A television show is just a television show.  It is the product of talented writers who create the story as they go, letting the characters take them wherever they may, designed for bored people who crave escapism, such as ourselves, to binge watch over a nice fat bowl of yellow popcorn.  Yet, Gilmore Girls feels like so much more than just a television show.  This show has been with me for around six months now.  The adventures of Lorelai and Rory Gilmore have taken a constant place in my brain for half a year.  How can a simple script and a few actors have such a considerable impact on a person?
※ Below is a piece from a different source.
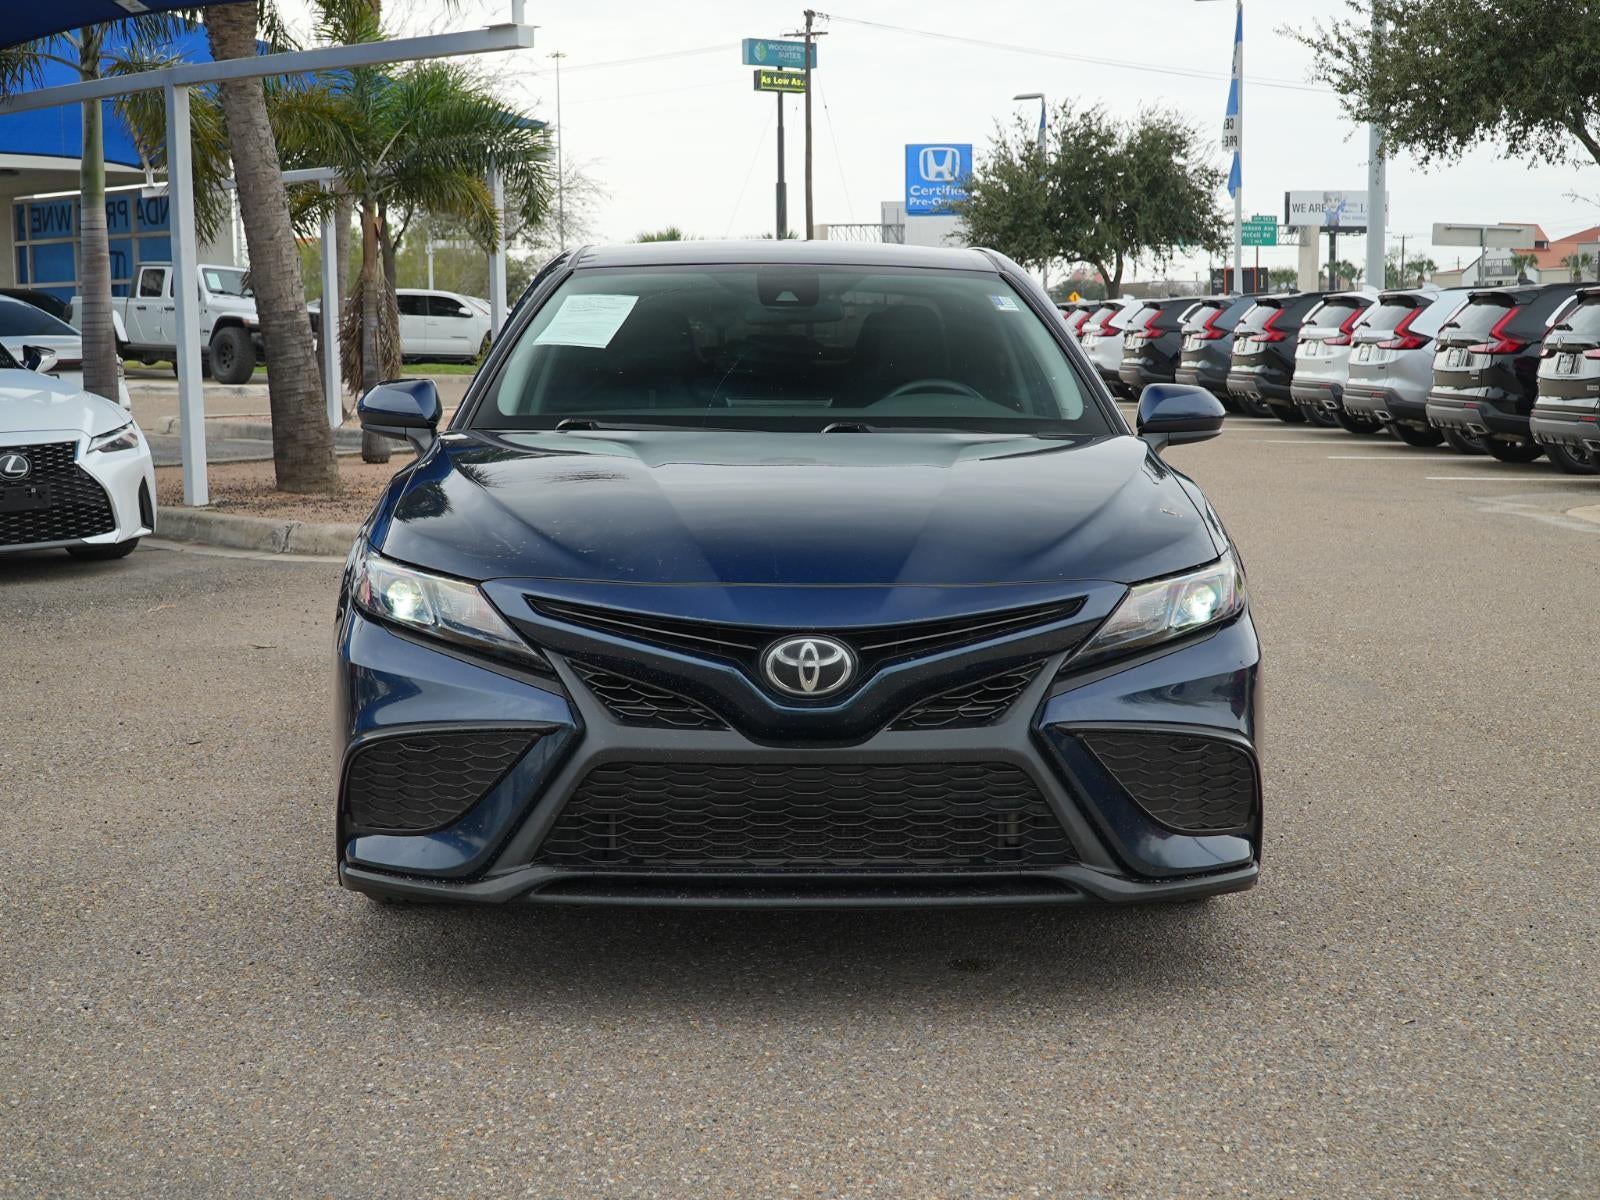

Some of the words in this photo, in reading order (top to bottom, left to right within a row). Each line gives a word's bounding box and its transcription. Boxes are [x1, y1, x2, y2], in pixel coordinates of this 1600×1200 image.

[761, 76, 771, 84] As
[773, 77, 789, 85] Low
[1292, 203, 1306, 213] WE
[1308, 203, 1327, 213] ARE
Set in Stars Hollow, Gilmore Girls was always the best feel-good show.  Rory Gilmore had exactly what any sixteen year old girl could want.  She had a mother who may as well have been her best friend; she had a best friend who, in today's time, would've been the coolest, most hipster friend a girl could have; she had a whole town of people who absolutely loved her; she had wealthy grandparents willing to pay for her education, as well as adding some spice to her life in the form of family drama; she had perfect grades at a perfectly elitist school, giving her such a bright future; and she had the hottest boyfriends.  Who wouldn't want to watch this show as a form of escapism?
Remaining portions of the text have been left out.